* Exercise directions: Text in the records must be reproduced exactly, and pictures must be skipped.
::::::::
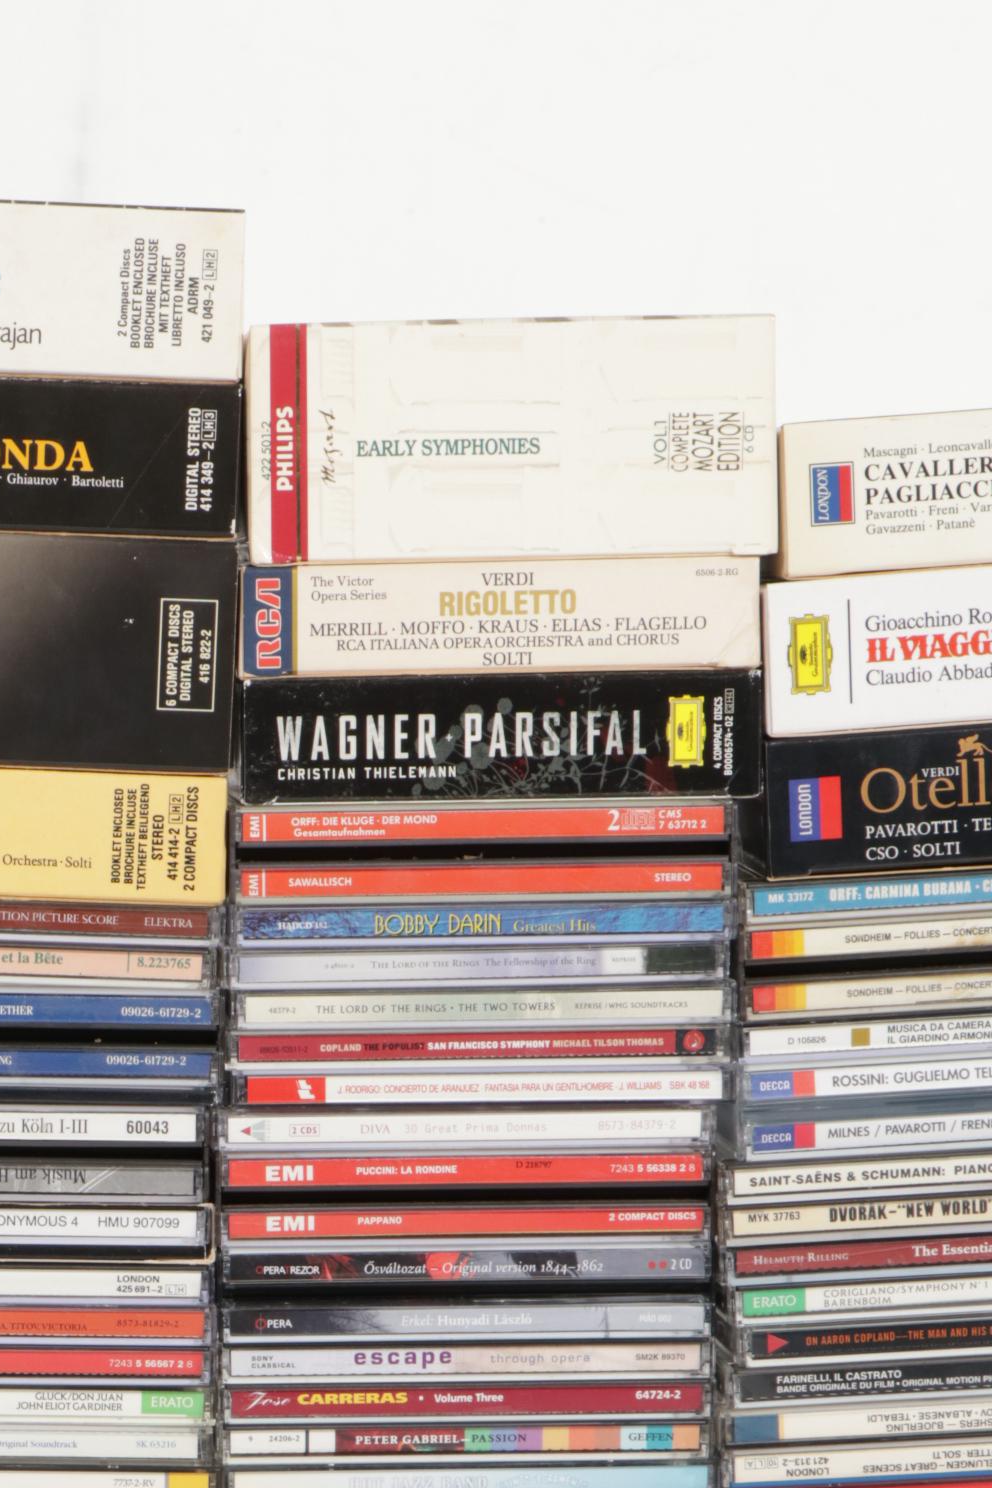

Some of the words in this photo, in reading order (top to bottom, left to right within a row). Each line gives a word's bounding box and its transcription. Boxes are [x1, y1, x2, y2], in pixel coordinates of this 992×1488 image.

[276, 407, 293, 490] PHILIPS
[357, 440, 416, 457] EARLY
[422, 438, 540, 456] SYMPHONIES
[7, 473, 58, 485] Ghiaurov
[72, 475, 123, 488] Bartoletti
[482, 572, 533, 586] VERDI
[440, 589, 576, 616] RIGOLETTO
[255, 578, 281, 669] RCA
[311, 623, 387, 636] MERRILL
[401, 621, 464, 635] MOFFO
[479, 619, 538, 633] KRAUS
[552, 618, 601, 632] ELIAS
[615, 616, 706, 631] FLAGELLO
[483, 652, 531, 665] SOLTI
[866, 667, 932, 686] Claudio
[277, 714, 437, 761] WAGNER
[464, 710, 646, 758] PARSIFAL
[278, 768, 355, 780] CHRISTIAN
[364, 766, 456, 778] THIELEMANN
[865, 820, 958, 839] PAVAROTTI
[866, 846, 899, 860] CSO
[913, 842, 960, 857] SOLTI
[913, 842, 960, 857] SOLTI
[3, 854, 57, 867] Orchestra
[65, 857, 91, 868] Solti
[289, 877, 352, 887] SAWALLISCH
[371, 912, 438, 934] BOBBY
[449, 913, 500, 933] DARIN
[0, 1122, 14, 1133] zu
[22, 1118, 53, 1133] Köln
[61, 1119, 87, 1133] I-III
[127, 1121, 168, 1134] 60043
[266, 1165, 313, 1181] EMI
[354, 1349, 453, 1369] escape
[151, 1396, 193, 1408] ERATO
[297, 1392, 408, 1405] CARRERAS
::::::::
* Final answer:
Some of the words in this photo, in reading order (top to bottom, left to right within a row). Each line gives a word's bounding box and its transcription. Boxes are [x1, y1, x2, y2], in pixel coordinates of this 992×1488 image.

[276, 407, 293, 490] PHILIPS
[357, 440, 416, 457] EARLY
[422, 438, 540, 456] SYMPHONIES
[7, 473, 58, 485] Ghiaurov
[72, 475, 123, 488] Bartoletti
[482, 572, 533, 586] VERDI
[440, 589, 576, 616] RIGOLETTO
[255, 578, 281, 669] RCA
[311, 623, 387, 636] MERRILL
[401, 621, 464, 635] MOFFO
[479, 619, 538, 633] KRAUS
[552, 618, 601, 632] ELIAS
[615, 616, 706, 631] FLAGELLO
[483, 652, 531, 665] SOLTI
[866, 667, 932, 686] Claudio
[277, 714, 437, 761] WAGNER
[464, 710, 646, 758] PARSIFAL
[278, 768, 355, 780] CHRISTIAN
[364, 766, 456, 778] THIELEMANN
[865, 820, 958, 839] PAVAROTTI
[866, 846, 899, 860] CSO
[913, 842, 960, 857] SOLTI
[913, 842, 960, 857] SOLTI
[3, 854, 57, 867] Orchestra
[65, 857, 91, 868] Solti
[289, 877, 352, 887] SAWALLISCH
[371, 912, 438, 934] BOBBY
[449, 913, 500, 933] DARIN
[0, 1122, 14, 1133] zu
[22, 1118, 53, 1133] Köln
[61, 1119, 87, 1133] I-III
[127, 1121, 168, 1134] 60043
[266, 1165, 313, 1181] EMI
[354, 1349, 453, 1369] escape
[151, 1396, 193, 1408] ERATO
[297, 1392, 408, 1405] CARRERAS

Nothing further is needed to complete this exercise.